[Image-backed grounding data]
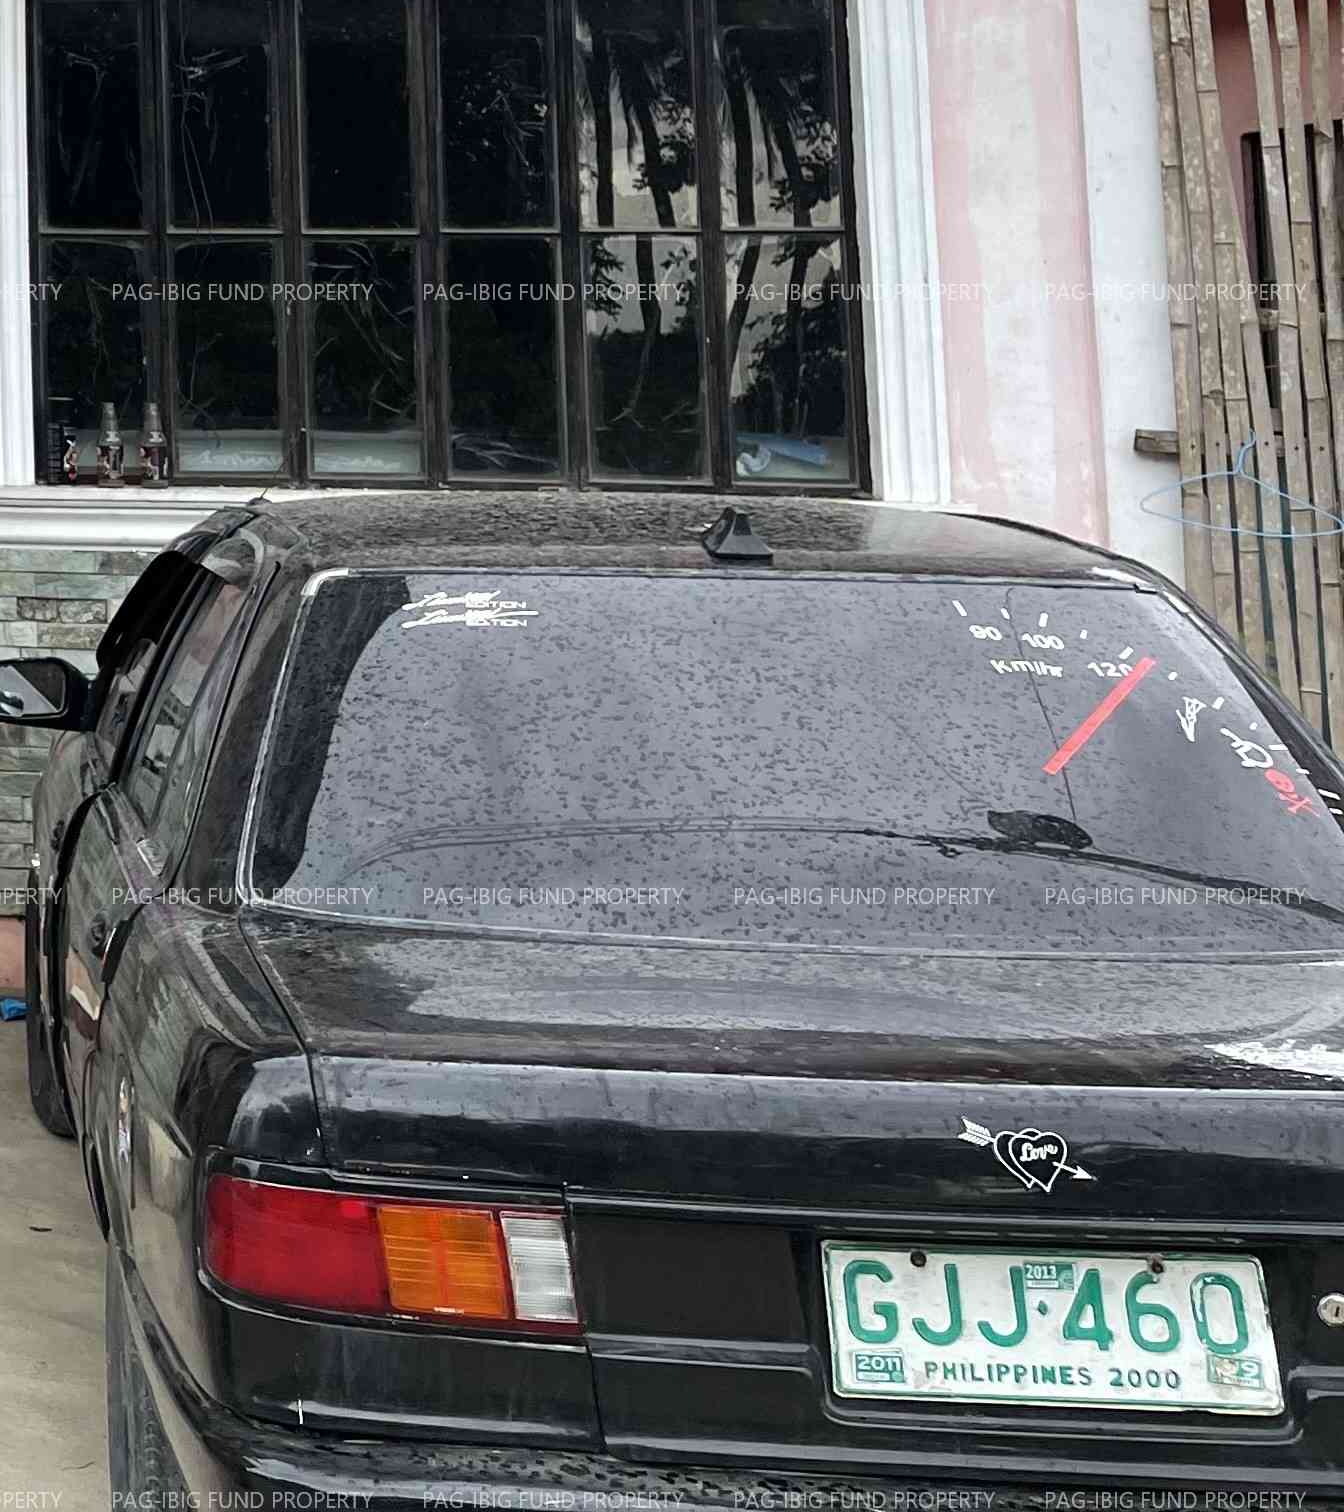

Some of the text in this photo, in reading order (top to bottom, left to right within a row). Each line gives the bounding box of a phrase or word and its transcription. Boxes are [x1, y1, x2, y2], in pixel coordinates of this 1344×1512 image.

[1021, 632, 1066, 651] 100
[1019, 1142, 1059, 1162] Love
[1024, 1263, 1057, 1280] 2013
[842, 1259, 1251, 1355] GJJ 460
[856, 1355, 902, 1372] 2011
[924, 1360, 1093, 1387] PHILIPPINES
[1109, 1367, 1183, 1390] 2000
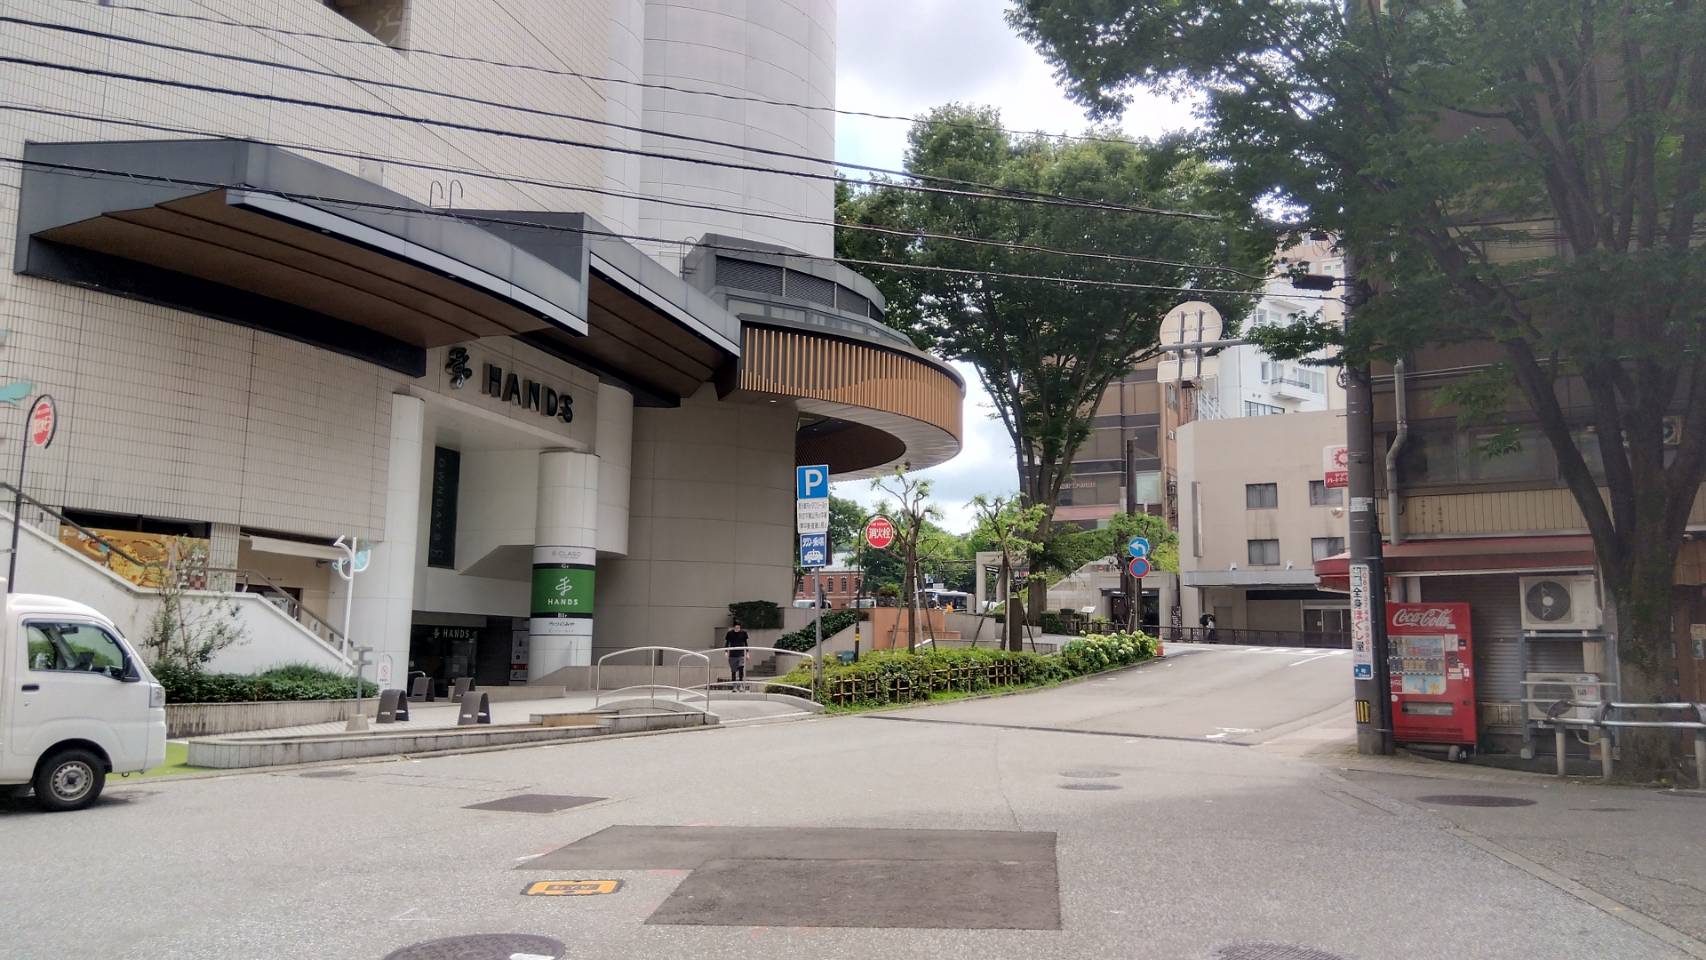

WHAT IS BEING ASKED
First drop every picture, then print the data above exactly as it stands.

EXERCISE RESULT
Some of the text in this photo, in reading order (top to bottom, left to right within a row). Each line gives the bounding box of a phrase or word and its transcription. Boxes are [x1, y1, x2, y2], in pixel coordinates of this 1344×1512 image.

[1021, 632, 1066, 651] 100
[1019, 1142, 1059, 1162] Love
[1024, 1263, 1057, 1280] 2013
[842, 1259, 1251, 1355] GJJ 460
[856, 1355, 902, 1372] 2011
[924, 1360, 1093, 1387] PHILIPPINES
[1109, 1367, 1183, 1390] 2000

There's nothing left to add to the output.